• [^] # Re: C'est dingue... Donc, merci.

    Posté par . En réponse au journal Plaisir de lire, réjouissance du malheur d'autrui.. Évalué à 0.

    Vous êtes taquin.

    Reprenons les différents arguments logiques pour et contre l'existence de Dieu qu'il y a sur cette page Wikipedia.

    Les preuves logiques pour l'existence de Dieu sont des paralogismes qui n'ont au mieux qu'un intérêt historique.
    Elles reposent toutes, au final, sur l'idée que l'existence est un attribut du sujet, Dieu en l'occurrence, dont on pourrait dégager la nécessaire implication par l'analyse logique de certaines propositions et de leurs relations. Cette idée avait un certain crédit logique lorsque cette dernière se confondait avec la syllogistique et la grammaire mais, comme je le disais un peu plus haut, ce n'est plus le cas depuis Frege, Russel et Wittgenstein, autrement dit depuis la naissance de la logique standard contemporaine, il y a un peu plus d'un siècle (vous remarquerez d'ailleurs que toutes ces «preuves» ont été formulées bien avant cette époque, et réfutées depuis). Plus d'un siècle, vraiment.

    Les deux preuves logiques contre l'existence de Dieu n'en sont pas vraiment non plus : la première, qui est plus épistémologique qu'à proprement parler logique, affirme simplement qu'un objet dont la valeur de vérité est invérifiable n'est pas logiquement valide (et «ce dont on ne peut parler, il faut le taire»), et la seconde montre plutôt l'impossibilité de parler logiquement d'un objet sans cause (ce dont j'avais déjà parlé un peu plus haut, en reprenant la critique formulée par Kant à ce sujet).
    Donc ces deux «preuves» de l'inexistence de Dieu montrent seulement que l'on ne peut pas en parler logiquement.

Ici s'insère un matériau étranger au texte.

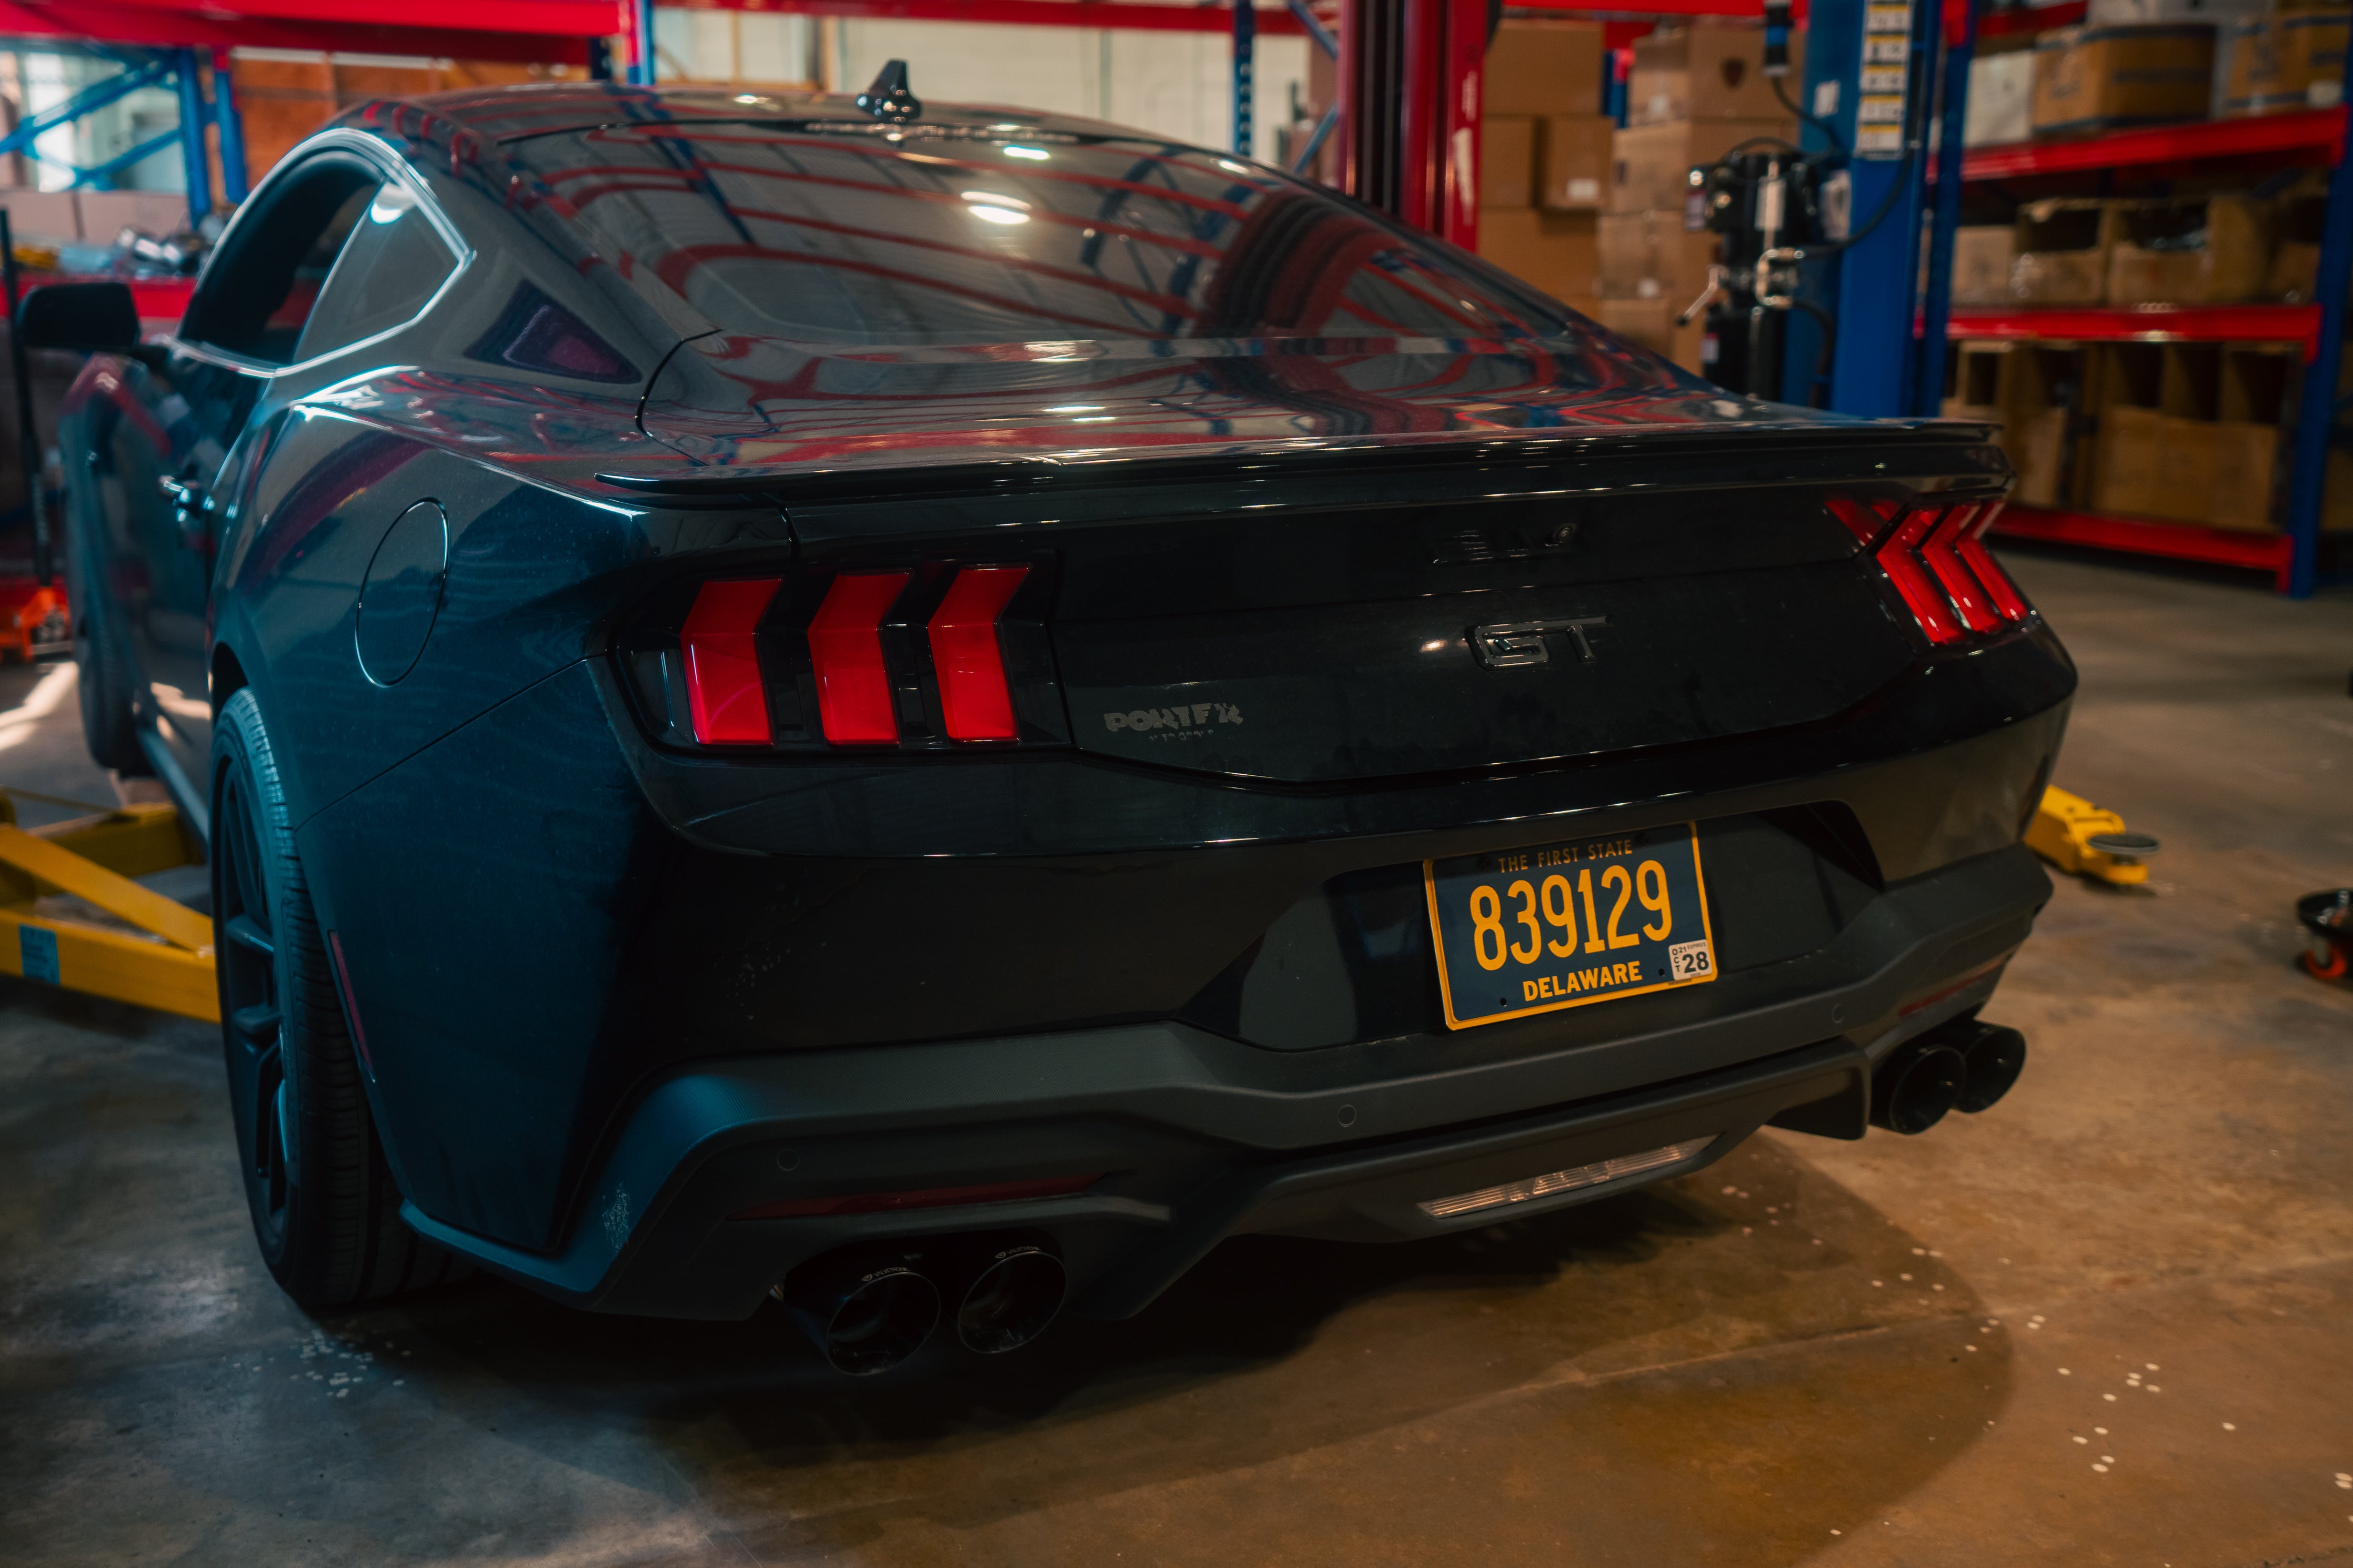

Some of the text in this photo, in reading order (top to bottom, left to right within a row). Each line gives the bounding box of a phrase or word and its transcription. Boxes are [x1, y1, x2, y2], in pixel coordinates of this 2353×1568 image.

    Les différents titres sont trompeurs (je ne dis pas que cet article est mauvais pour autant), mais il suffisait de creuser un peu, et de suivre les différents liens, pour s'en rendre compte. Il ne faut pas seulement balancer des liens à la sauvette, non, il ne faut pas.

    Après, il y a certainement moyen de formuler des «preuves» plus consistantes dans le cadre des logiques non-standards, comme la logique modale utilisée par Gödel dans sa preuve ontologique, mais je ne pense pas que ce soit ce à quoi l'on pense généralement lorsque l'on parle de logique.